Copy every line below exactly.

---------- Records for processing ----------

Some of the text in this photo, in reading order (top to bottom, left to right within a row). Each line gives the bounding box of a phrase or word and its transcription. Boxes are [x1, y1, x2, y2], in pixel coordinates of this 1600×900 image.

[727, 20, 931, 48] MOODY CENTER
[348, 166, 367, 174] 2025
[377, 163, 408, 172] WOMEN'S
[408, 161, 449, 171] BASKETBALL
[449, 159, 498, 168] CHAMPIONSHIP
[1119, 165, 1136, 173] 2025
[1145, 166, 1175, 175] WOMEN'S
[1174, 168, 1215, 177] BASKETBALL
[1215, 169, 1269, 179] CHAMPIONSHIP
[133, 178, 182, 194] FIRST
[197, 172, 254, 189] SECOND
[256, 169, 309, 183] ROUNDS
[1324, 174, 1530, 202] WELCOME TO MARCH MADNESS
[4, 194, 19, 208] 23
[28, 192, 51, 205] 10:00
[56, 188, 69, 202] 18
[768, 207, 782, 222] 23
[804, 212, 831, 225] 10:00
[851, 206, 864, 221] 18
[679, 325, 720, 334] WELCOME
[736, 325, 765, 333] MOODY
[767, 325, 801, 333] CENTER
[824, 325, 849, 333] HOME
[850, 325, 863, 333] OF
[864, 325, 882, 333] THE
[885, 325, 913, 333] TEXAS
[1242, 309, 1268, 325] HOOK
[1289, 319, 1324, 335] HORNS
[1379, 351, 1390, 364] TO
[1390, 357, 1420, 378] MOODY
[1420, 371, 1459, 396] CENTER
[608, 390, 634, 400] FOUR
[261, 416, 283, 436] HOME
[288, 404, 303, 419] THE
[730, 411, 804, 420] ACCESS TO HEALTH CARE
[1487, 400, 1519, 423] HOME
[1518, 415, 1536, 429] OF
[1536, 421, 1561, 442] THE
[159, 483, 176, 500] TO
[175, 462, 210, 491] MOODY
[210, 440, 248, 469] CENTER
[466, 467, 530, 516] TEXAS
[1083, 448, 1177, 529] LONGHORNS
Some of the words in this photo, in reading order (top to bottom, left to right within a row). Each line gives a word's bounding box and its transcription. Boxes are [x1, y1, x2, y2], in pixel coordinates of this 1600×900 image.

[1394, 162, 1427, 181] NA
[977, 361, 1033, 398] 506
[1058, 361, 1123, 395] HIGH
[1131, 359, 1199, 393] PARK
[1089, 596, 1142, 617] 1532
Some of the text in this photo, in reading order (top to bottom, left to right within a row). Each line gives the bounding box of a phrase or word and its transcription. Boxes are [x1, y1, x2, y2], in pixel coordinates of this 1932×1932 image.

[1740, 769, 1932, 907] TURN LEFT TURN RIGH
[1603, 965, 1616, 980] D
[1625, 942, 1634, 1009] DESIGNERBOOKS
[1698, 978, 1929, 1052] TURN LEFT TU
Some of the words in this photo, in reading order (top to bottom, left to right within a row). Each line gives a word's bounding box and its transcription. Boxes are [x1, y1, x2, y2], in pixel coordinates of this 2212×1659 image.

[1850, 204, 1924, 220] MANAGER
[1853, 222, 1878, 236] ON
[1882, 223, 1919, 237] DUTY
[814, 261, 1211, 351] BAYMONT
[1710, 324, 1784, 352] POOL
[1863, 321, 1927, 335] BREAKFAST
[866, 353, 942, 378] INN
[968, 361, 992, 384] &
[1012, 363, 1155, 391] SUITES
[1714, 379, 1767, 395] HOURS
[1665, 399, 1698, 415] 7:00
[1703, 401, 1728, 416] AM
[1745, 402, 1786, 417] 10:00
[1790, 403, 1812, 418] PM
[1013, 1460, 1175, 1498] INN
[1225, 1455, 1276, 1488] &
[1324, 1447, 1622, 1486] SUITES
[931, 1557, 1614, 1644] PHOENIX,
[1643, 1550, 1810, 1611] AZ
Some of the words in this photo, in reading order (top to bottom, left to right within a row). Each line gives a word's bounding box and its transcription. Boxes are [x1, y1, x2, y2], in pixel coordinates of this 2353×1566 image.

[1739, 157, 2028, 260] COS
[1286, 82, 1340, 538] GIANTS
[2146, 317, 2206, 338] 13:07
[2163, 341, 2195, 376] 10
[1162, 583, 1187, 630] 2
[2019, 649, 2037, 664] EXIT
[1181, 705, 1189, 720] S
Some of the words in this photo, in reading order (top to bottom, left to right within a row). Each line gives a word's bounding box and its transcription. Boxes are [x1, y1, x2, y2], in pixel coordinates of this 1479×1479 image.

----------

_Response to this exercise_
Some of the text in this photo, in reading order (top to bottom, left to right within a row). Each line gives the bounding box of a phrase or word and its transcription. Boxes are [x1, y1, x2, y2], in pixel coordinates of this 1600×900 image.

[727, 20, 931, 48] MOODY CENTER
[348, 166, 367, 174] 2025
[377, 163, 408, 172] WOMEN'S
[408, 161, 449, 171] BASKETBALL
[449, 159, 498, 168] CHAMPIONSHIP
[1119, 165, 1136, 173] 2025
[1145, 166, 1175, 175] WOMEN'S
[1174, 168, 1215, 177] BASKETBALL
[1215, 169, 1269, 179] CHAMPIONSHIP
[133, 178, 182, 194] FIRST
[197, 172, 254, 189] SECOND
[256, 169, 309, 183] ROUNDS
[1324, 174, 1530, 202] WELCOME TO MARCH MADNESS
[4, 194, 19, 208] 23
[28, 192, 51, 205] 10:00
[56, 188, 69, 202] 18
[768, 207, 782, 222] 23
[804, 212, 831, 225] 10:00
[851, 206, 864, 221] 18
[679, 325, 720, 334] WELCOME
[736, 325, 765, 333] MOODY
[767, 325, 801, 333] CENTER
[824, 325, 849, 333] HOME
[850, 325, 863, 333] OF
[864, 325, 882, 333] THE
[885, 325, 913, 333] TEXAS
[1242, 309, 1268, 325] HOOK
[1289, 319, 1324, 335] HORNS
[1379, 351, 1390, 364] TO
[1390, 357, 1420, 378] MOODY
[1420, 371, 1459, 396] CENTER
[608, 390, 634, 400] FOUR
[261, 416, 283, 436] HOME
[288, 404, 303, 419] THE
[730, 411, 804, 420] ACCESS TO HEALTH CARE
[1487, 400, 1519, 423] HOME
[1518, 415, 1536, 429] OF
[1536, 421, 1561, 442] THE
[159, 483, 176, 500] TO
[175, 462, 210, 491] MOODY
[210, 440, 248, 469] CENTER
[466, 467, 530, 516] TEXAS
[1083, 448, 1177, 529] LONGHORNS
Some of the words in this photo, in reading order (top to bottom, left to right within a row). Each line gives a word's bounding box and its transcription. Boxes are [x1, y1, x2, y2], in pixel coordinates of this 1600×900 image.

[1394, 162, 1427, 181] NA
[977, 361, 1033, 398] 506
[1058, 361, 1123, 395] HIGH
[1131, 359, 1199, 393] PARK
[1089, 596, 1142, 617] 1532
Some of the text in this photo, in reading order (top to bottom, left to right within a row). Each line gives the bounding box of a phrase or word and its transcription. Boxes are [x1, y1, x2, y2], in pixel coordinates of this 1932×1932 image.

[1740, 769, 1932, 907] TURN LEFT TURN RIGH
[1603, 965, 1616, 980] D
[1625, 942, 1634, 1009] DESIGNERBOOKS
[1698, 978, 1929, 1052] TURN LEFT TU
Some of the words in this photo, in reading order (top to bottom, left to right within a row). Each line gives a word's bounding box and its transcription. Boxes are [x1, y1, x2, y2], in pixel coordinates of this 2212×1659 image.

[1850, 204, 1924, 220] MANAGER
[1853, 222, 1878, 236] ON
[1882, 223, 1919, 237] DUTY
[814, 261, 1211, 351] BAYMONT
[1710, 324, 1784, 352] POOL
[1863, 321, 1927, 335] BREAKFAST
[866, 353, 942, 378] INN
[968, 361, 992, 384] &
[1012, 363, 1155, 391] SUITES
[1714, 379, 1767, 395] HOURS
[1665, 399, 1698, 415] 7:00
[1703, 401, 1728, 416] AM
[1745, 402, 1786, 417] 10:00
[1790, 403, 1812, 418] PM
[1013, 1460, 1175, 1498] INN
[1225, 1455, 1276, 1488] &
[1324, 1447, 1622, 1486] SUITES
[931, 1557, 1614, 1644] PHOENIX,
[1643, 1550, 1810, 1611] AZ
Some of the words in this photo, in reading order (top to bottom, left to right within a row). Each line gives a word's bounding box and its transcription. Boxes are [x1, y1, x2, y2], in pixel coordinates of this 2353×1566 image.

[1739, 157, 2028, 260] COS
[1286, 82, 1340, 538] GIANTS
[2146, 317, 2206, 338] 13:07
[2163, 341, 2195, 376] 10
[1162, 583, 1187, 630] 2
[2019, 649, 2037, 664] EXIT
[1181, 705, 1189, 720] S
Some of the words in this photo, in reading order (top to bottom, left to right within a row). Each line gives a word's bounding box and its transcription. Boxes are [x1, y1, x2, y2], in pixel coordinates of this 1479×1479 image.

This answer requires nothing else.